Images are to be dropped; everything else in the entries below must be copied exactly.

---------- DATA FOR PROCESSING ----------

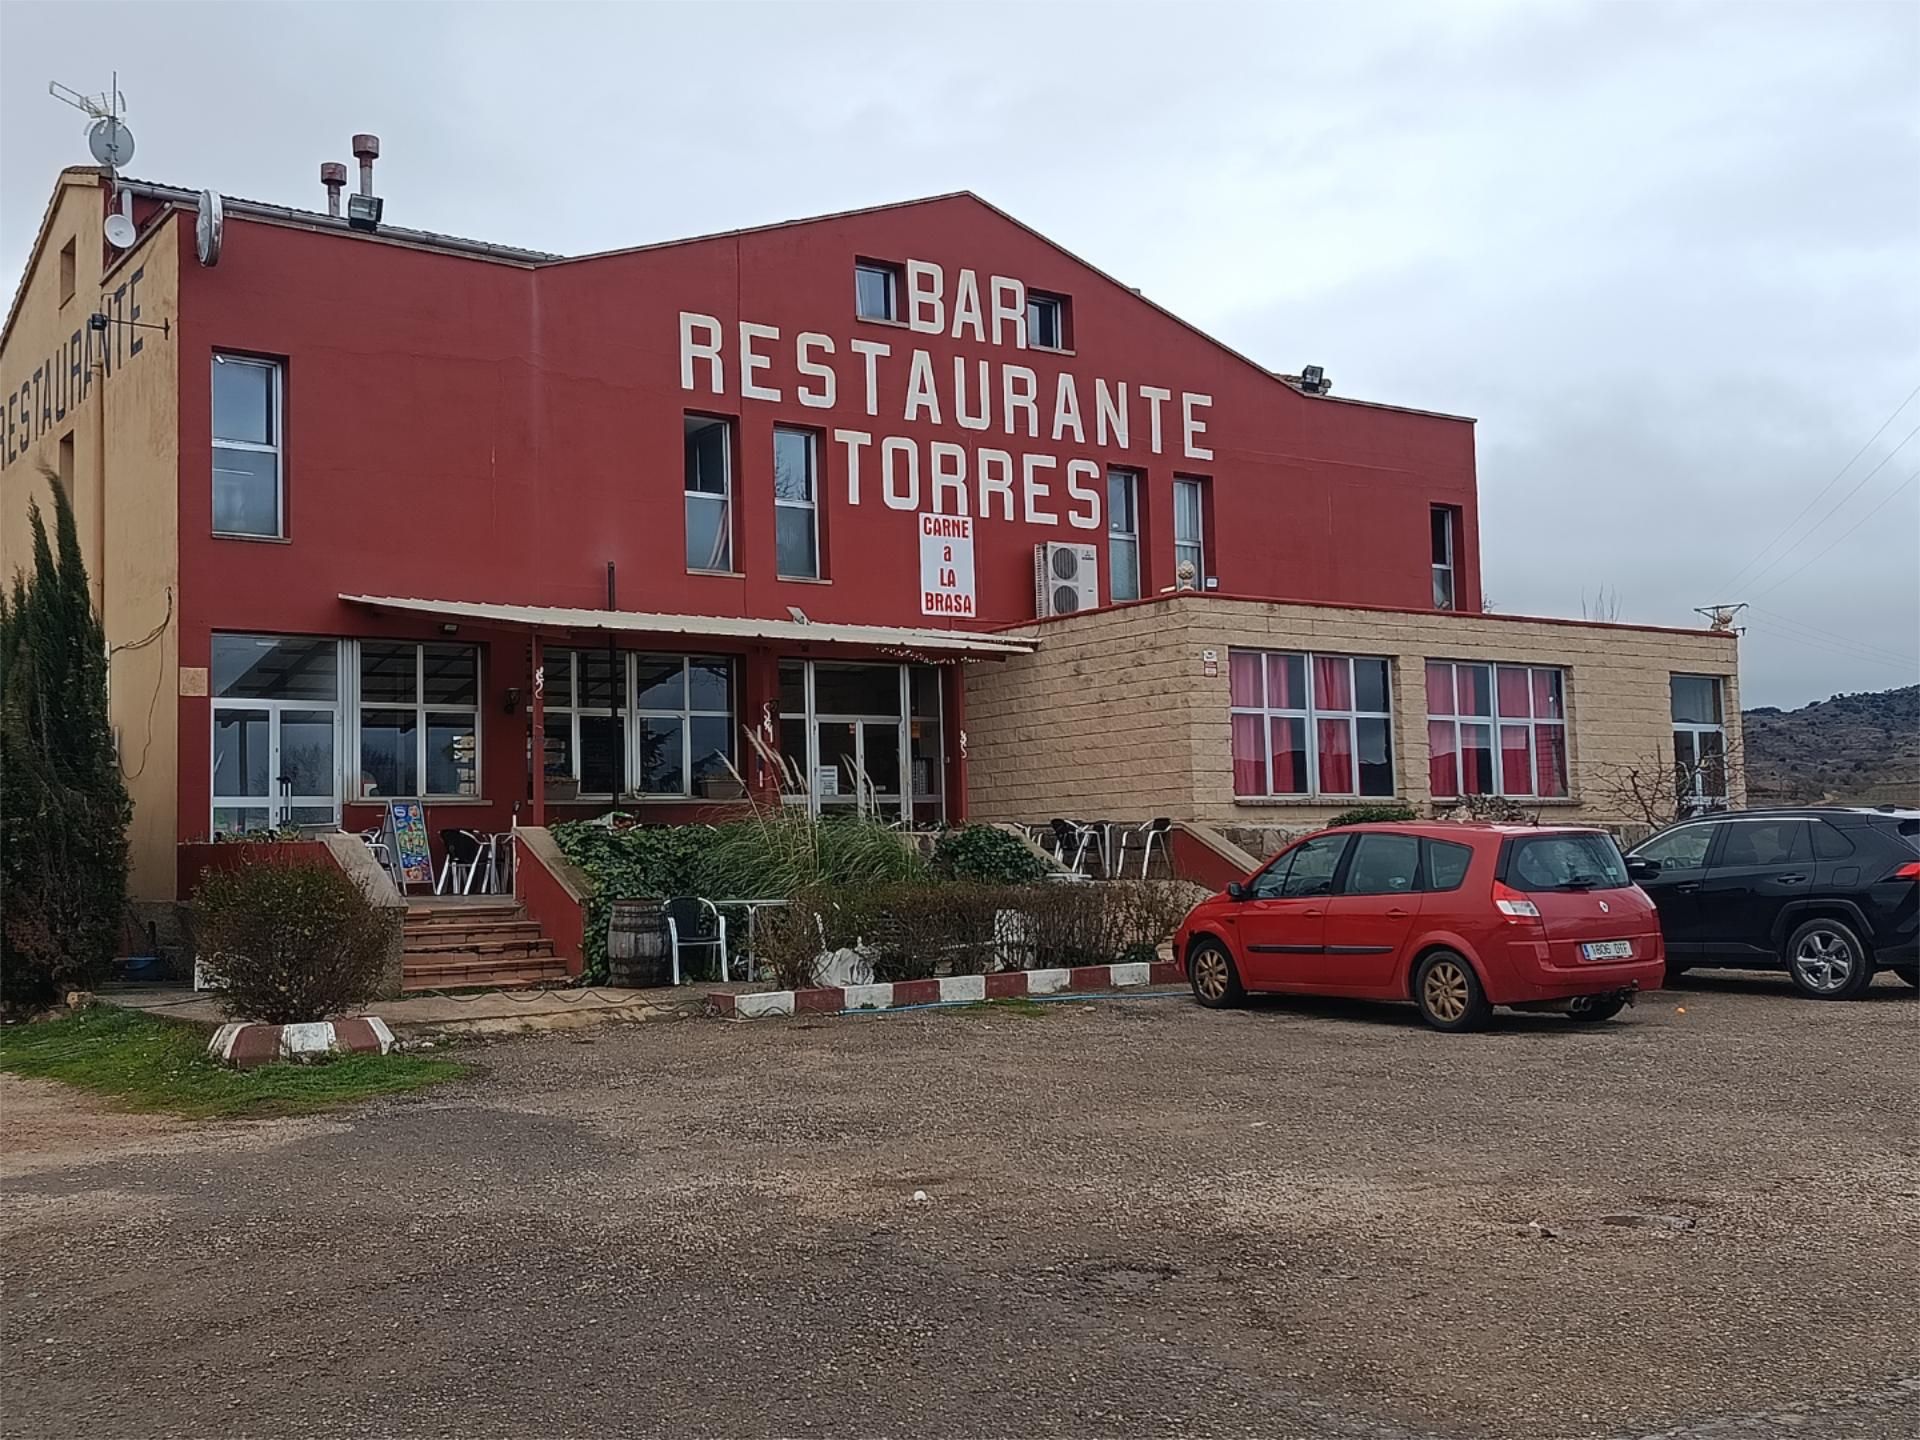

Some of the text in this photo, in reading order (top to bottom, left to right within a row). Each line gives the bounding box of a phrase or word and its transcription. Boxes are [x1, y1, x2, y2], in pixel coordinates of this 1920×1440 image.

[907, 258, 1027, 350] BAR
[679, 311, 1214, 461] RESTAURANTE
[834, 428, 1101, 530] TORRES
[923, 516, 970, 539] CARNE
[943, 545, 952, 562] a
[940, 567, 956, 588] LA
[924, 592, 972, 613] BRASA
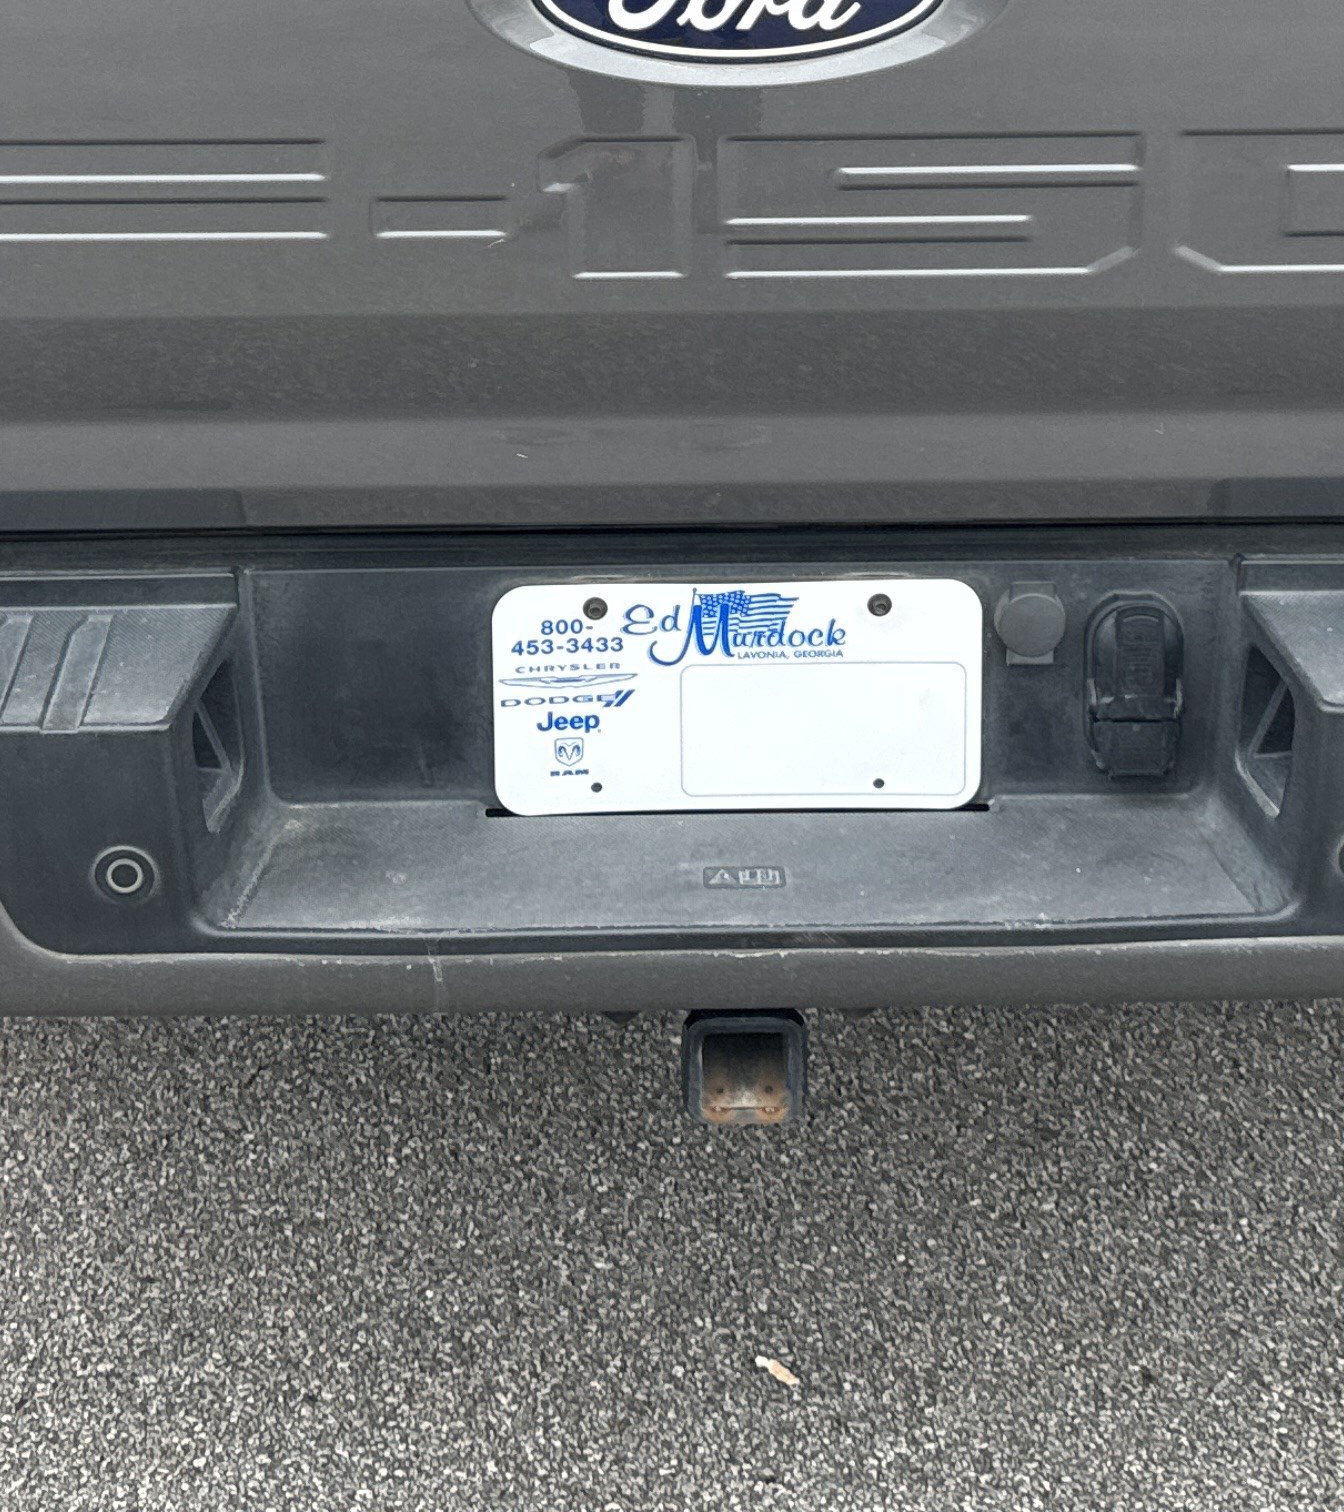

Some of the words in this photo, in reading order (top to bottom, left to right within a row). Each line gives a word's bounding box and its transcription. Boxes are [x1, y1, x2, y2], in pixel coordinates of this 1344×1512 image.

[540, 618, 594, 636] 800-
[621, 603, 682, 636] Ed
[647, 603, 846, 666] Murdock
[510, 636, 624, 656] 453-3433
[737, 649, 790, 660] LAVONIA,
[793, 648, 844, 659] GEORGIA
[514, 662, 621, 674] CHRYSLER
[536, 711, 600, 733] Jeep
[549, 768, 590, 777] RAM

----------

• YOUR RESPONSE
Some of the text in this photo, in reading order (top to bottom, left to right within a row). Each line gives the bounding box of a phrase or word and its transcription. Boxes are [x1, y1, x2, y2], in pixel coordinates of this 1920×1440 image.

[907, 258, 1027, 350] BAR
[679, 311, 1214, 461] RESTAURANTE
[834, 428, 1101, 530] TORRES
[923, 516, 970, 539] CARNE
[943, 545, 952, 562] a
[940, 567, 956, 588] LA
[924, 592, 972, 613] BRASA

Some of the words in this photo, in reading order (top to bottom, left to right within a row). Each line gives a word's bounding box and its transcription. Boxes are [x1, y1, x2, y2], in pixel coordinates of this 1344×1512 image.

[540, 618, 594, 636] 800-
[621, 603, 682, 636] Ed
[647, 603, 846, 666] Murdock
[510, 636, 624, 656] 453-3433
[737, 649, 790, 660] LAVONIA,
[793, 648, 844, 659] GEORGIA
[514, 662, 621, 674] CHRYSLER
[536, 711, 600, 733] Jeep
[549, 768, 590, 777] RAM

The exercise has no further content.